Les oeillets du poète

 

Une nappe de brume glisse sur le jardin,
L’enveloppe, s’infiltre dans les moindres recoins.
La montagne s’estompe, à cache-cache elle joue,
La vallée disparaît nous cachant ses dessous.
La feuillaison d’été semble être suspendue…
A la clarté ouateuse qui infiltre les nues.

Les cieux bleutés s’appuient sur les cimes altières,
Le jardin se découvre… Renaît sous la lumière.
Dans l’ombre du tilleul étourdie m’émerveille :
Le calme m’assourdit, l’harmonie naît, s’éveille.
La brume peint efface d’éphémères tableaux,
Invente l’infini… Comme cela est beau…

Les aquarelles naissent, s’étirent, se transforment…
Comme l’oiseau je vole, comme l’herbe frissonne.
A pas légers, avance pour ne rien déranger,
La glycine frémit au coin de l’escalier !
Un lézard tire la langue, il est ici chez lui
Et ne craint pas le monstre qui avance sans bruit.

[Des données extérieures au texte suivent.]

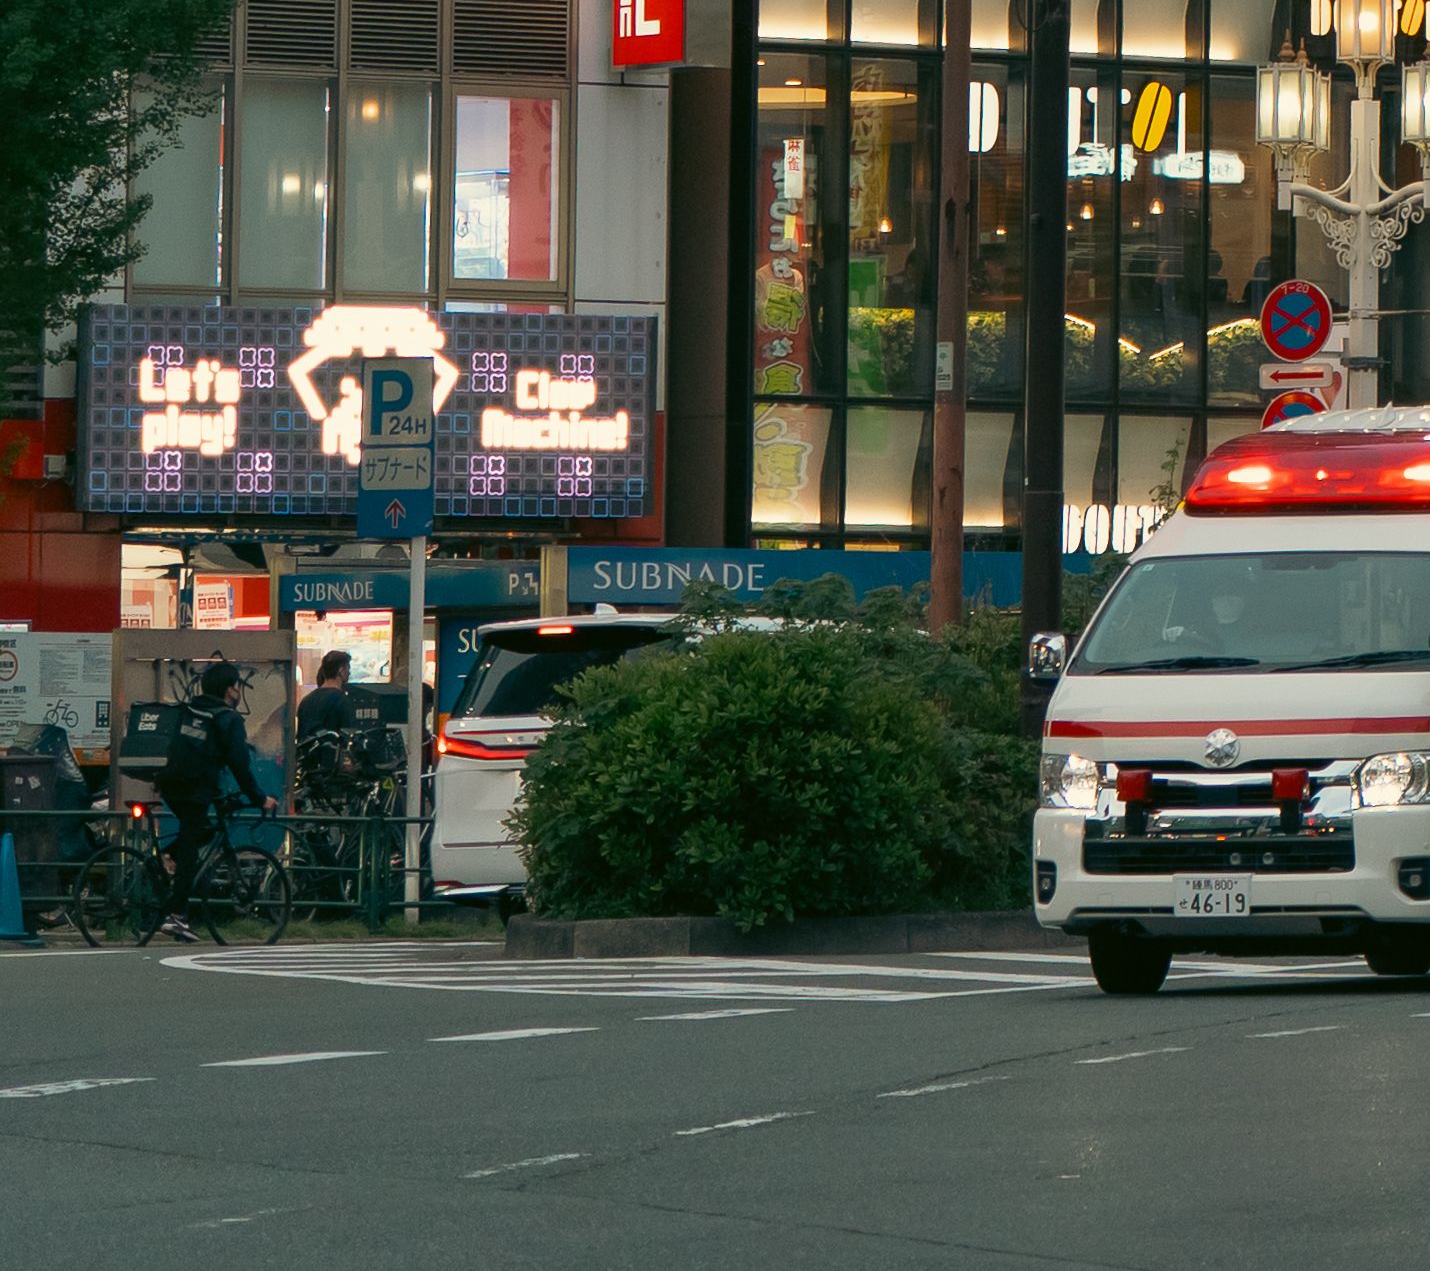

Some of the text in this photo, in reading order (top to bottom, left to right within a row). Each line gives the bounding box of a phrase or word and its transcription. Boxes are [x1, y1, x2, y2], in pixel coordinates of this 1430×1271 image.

[786, 139, 800, 172] 麻雀
[139, 358, 241, 403] Let's
[515, 370, 597, 408] Claw
[372, 371, 413, 439] P
[142, 407, 238, 454] play!
[388, 415, 427, 435] 24H
[481, 408, 627, 451] Machine!
[364, 456, 428, 483] サブナード
[592, 559, 766, 592] SUBNADE
[293, 580, 374, 602] SUBNADE
[138, 721, 158, 731] Eats
[139, 712, 160, 722] Uber
[1215, 880, 1233, 890] 800
[1191, 893, 1245, 914] 46-19

Effleurant l’herbe verte courent les araignées,
Les sauterelles en gerbes éclatent sous mes pieds.
Sans s’épuiser la taupe laboure à l’aveuglette
Des monticules explosent aux pieds des violettes.
Sur la lavande abeilles, guêpes, bourdons se gavent :
Symphonie aérienne, les escargots en bavent.

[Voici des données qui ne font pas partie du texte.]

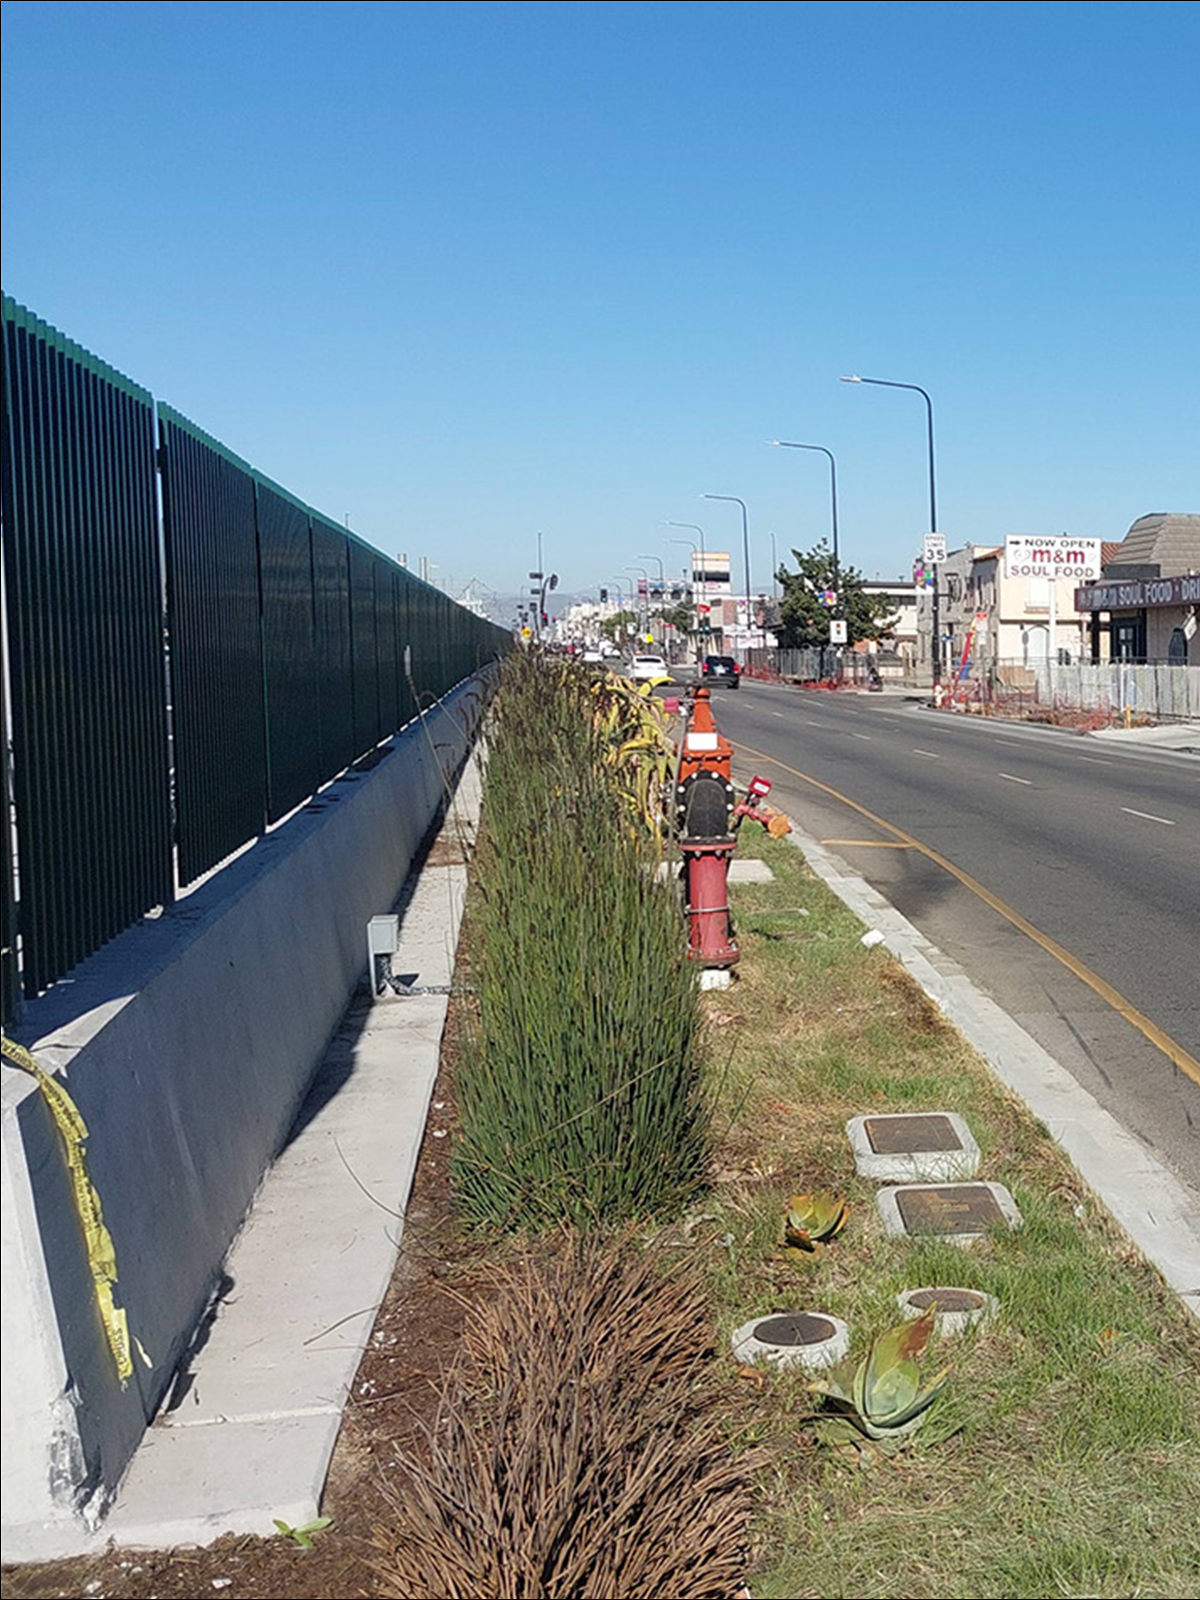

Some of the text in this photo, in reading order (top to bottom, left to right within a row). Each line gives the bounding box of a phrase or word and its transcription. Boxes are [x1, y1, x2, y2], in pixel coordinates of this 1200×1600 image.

[1025, 539, 1096, 549] NOW OPEN
[927, 549, 945, 561] 35
[1032, 549, 1086, 564] m&m
[1011, 565, 1095, 577] SOUL FOOD
[1145, 581, 1173, 603] FOOD

Les œillets « du poète » aux lèvres carminées
Les œillets de mon père ramènent aux temps passés.
Je les couvre d’amour, les serre sur mon sein…
Y sens battre son cœur…  A l’amble va le mien.

Couleurs et senteurs sont métamorphosées
Lors des quatre saisons sans cesse renouvelées.
Au printemps les crocus, tulipes, le muguet,
En s’endormant réveillent les pensées, le genêt.
L’iris sur la jacinthe en se penchant la frôle
La gueule de loup grimace bouche bée : Est elle drôle.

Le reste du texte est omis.